题目:
Follow up for "Unique Paths":
Now consider if some obstacles are added to the grids. How many unique paths would there be?
An obstacle and empty space is marked as 1 and 0 respectively in the grid.
For example,
There is one obstacle in the middle of a 3x3 grid as illustrated below.
[ [0,0,0], [0,1,0], [0,0,0] ]
The total number of unique paths is 2.
Note: m and n will be at most 100.
题意:给出一个二维格子,其中值为1的点表示障碍点,要求求出从最左上角的点到最右下角的点有多少种走法。
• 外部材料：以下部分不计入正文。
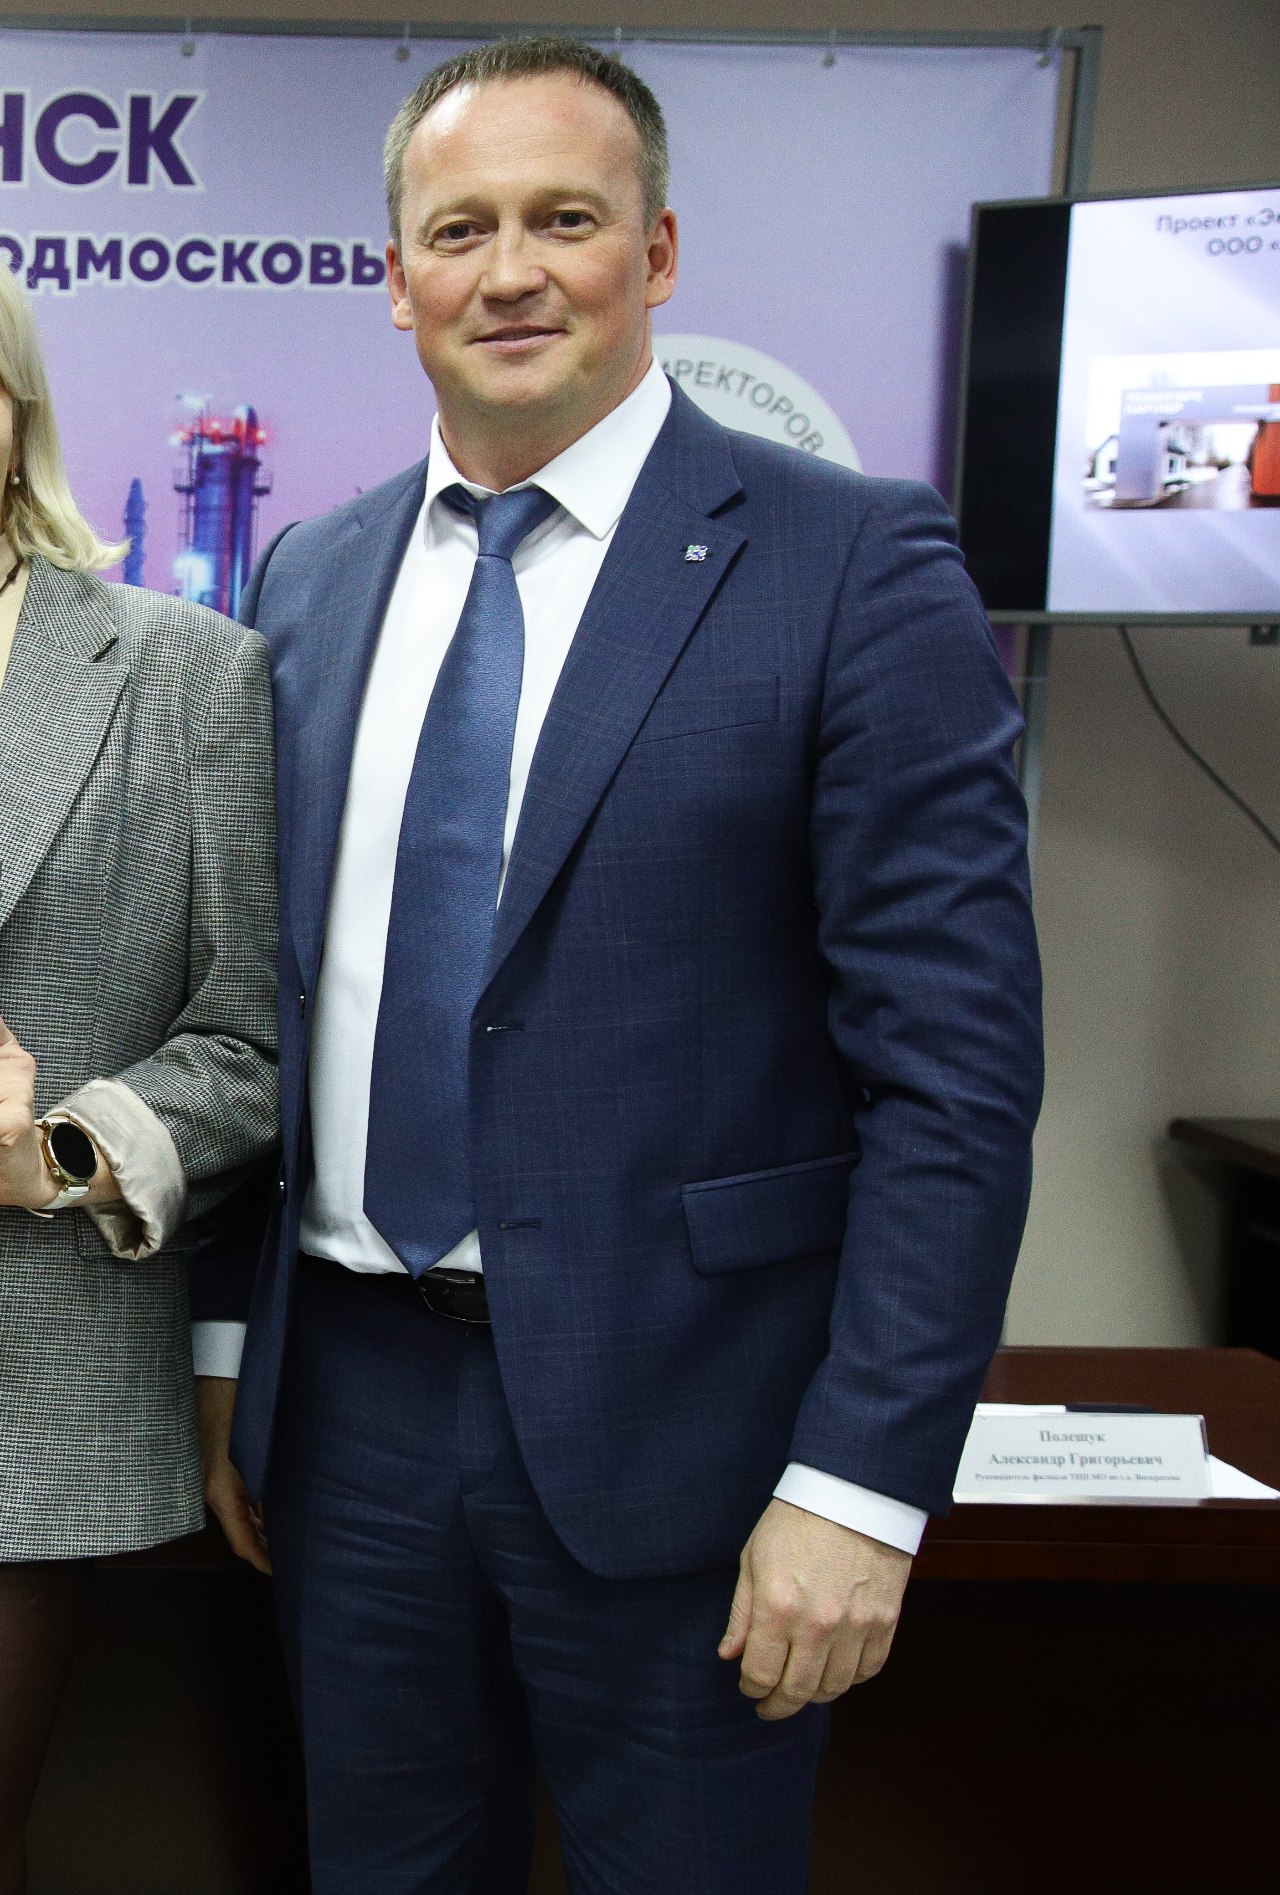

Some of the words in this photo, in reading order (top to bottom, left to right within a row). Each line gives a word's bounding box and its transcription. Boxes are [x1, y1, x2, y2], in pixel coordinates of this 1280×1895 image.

使用动态规划,对于其中一个点obstacleGrid[i][j](1<i<m,i<j<n),到该点的走法为d(obstacleGrid[i][j])=d(obstacleGrid[i-1][j])+d(obstacleGrid[i][j-1]),对于第一行和第一列,如果该点前面有障碍点,那么到到此点有0中方法,反之为1。遍历数组即可求解。
代码:
public class Solution {
public int uniquePathsWithObstacles(int[][] obstacleGrid) {
int row = obstacleGrid.length;
if(row ==0) return 0;
int col = obstacleGrid[0].length;
int[][] res = new int[row][col];
for(int i=0;i<row;i++){
for(int j=0;j<col;j++){
if(obstacleGrid[i][j]==1) {
res[i][j] = 0;
continue;
}
if(i==0 || j==0){
if(j!=0){
res[i][j] = res[i][j-1];
}else if(i!=0){
res[i][j] = res[i-1][j];
}else{
res[i][j] = 1;
}
}else{
res[i][j] = res[i-1][j] + res[i][j-1];
}
}
}
return res[row-1][col-1];
}
}